■ Source material ■
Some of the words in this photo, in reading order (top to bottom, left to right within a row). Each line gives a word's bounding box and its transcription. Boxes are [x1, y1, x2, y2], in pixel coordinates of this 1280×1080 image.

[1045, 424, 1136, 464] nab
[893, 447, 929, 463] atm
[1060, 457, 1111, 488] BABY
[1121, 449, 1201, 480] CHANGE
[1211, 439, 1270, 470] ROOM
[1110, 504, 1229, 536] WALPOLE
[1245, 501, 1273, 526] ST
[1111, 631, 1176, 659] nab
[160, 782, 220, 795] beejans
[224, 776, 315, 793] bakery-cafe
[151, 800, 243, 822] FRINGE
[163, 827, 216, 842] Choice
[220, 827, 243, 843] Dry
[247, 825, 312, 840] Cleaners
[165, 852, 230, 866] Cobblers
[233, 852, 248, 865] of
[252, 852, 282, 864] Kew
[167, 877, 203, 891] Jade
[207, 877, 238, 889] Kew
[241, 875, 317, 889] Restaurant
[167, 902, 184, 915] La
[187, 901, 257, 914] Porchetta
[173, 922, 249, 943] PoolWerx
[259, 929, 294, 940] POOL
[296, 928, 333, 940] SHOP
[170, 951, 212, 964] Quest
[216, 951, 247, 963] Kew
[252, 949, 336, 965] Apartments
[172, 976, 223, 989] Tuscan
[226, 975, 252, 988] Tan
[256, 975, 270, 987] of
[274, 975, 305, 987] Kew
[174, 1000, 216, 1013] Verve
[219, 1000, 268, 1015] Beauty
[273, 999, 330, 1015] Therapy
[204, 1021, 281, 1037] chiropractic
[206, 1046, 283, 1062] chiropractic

■ Activity ■
Nothing in the entries above should differ when you return them in full.

■ Reply ■
Some of the words in this photo, in reading order (top to bottom, left to right within a row). Each line gives a word's bounding box and its transcription. Boxes are [x1, y1, x2, y2], in pixel coordinates of this 1280×1080 image.

[1045, 424, 1136, 464] nab
[893, 447, 929, 463] atm
[1060, 457, 1111, 488] BABY
[1121, 449, 1201, 480] CHANGE
[1211, 439, 1270, 470] ROOM
[1110, 504, 1229, 536] WALPOLE
[1245, 501, 1273, 526] ST
[1111, 631, 1176, 659] nab
[160, 782, 220, 795] beejans
[224, 776, 315, 793] bakery-cafe
[151, 800, 243, 822] FRINGE
[163, 827, 216, 842] Choice
[220, 827, 243, 843] Dry
[247, 825, 312, 840] Cleaners
[165, 852, 230, 866] Cobblers
[233, 852, 248, 865] of
[252, 852, 282, 864] Kew
[167, 877, 203, 891] Jade
[207, 877, 238, 889] Kew
[241, 875, 317, 889] Restaurant
[167, 902, 184, 915] La
[187, 901, 257, 914] Porchetta
[173, 922, 249, 943] PoolWerx
[259, 929, 294, 940] POOL
[296, 928, 333, 940] SHOP
[170, 951, 212, 964] Quest
[216, 951, 247, 963] Kew
[252, 949, 336, 965] Apartments
[172, 976, 223, 989] Tuscan
[226, 975, 252, 988] Tan
[256, 975, 270, 987] of
[274, 975, 305, 987] Kew
[174, 1000, 216, 1013] Verve
[219, 1000, 268, 1015] Beauty
[273, 999, 330, 1015] Therapy
[204, 1021, 281, 1037] chiropractic
[206, 1046, 283, 1062] chiropractic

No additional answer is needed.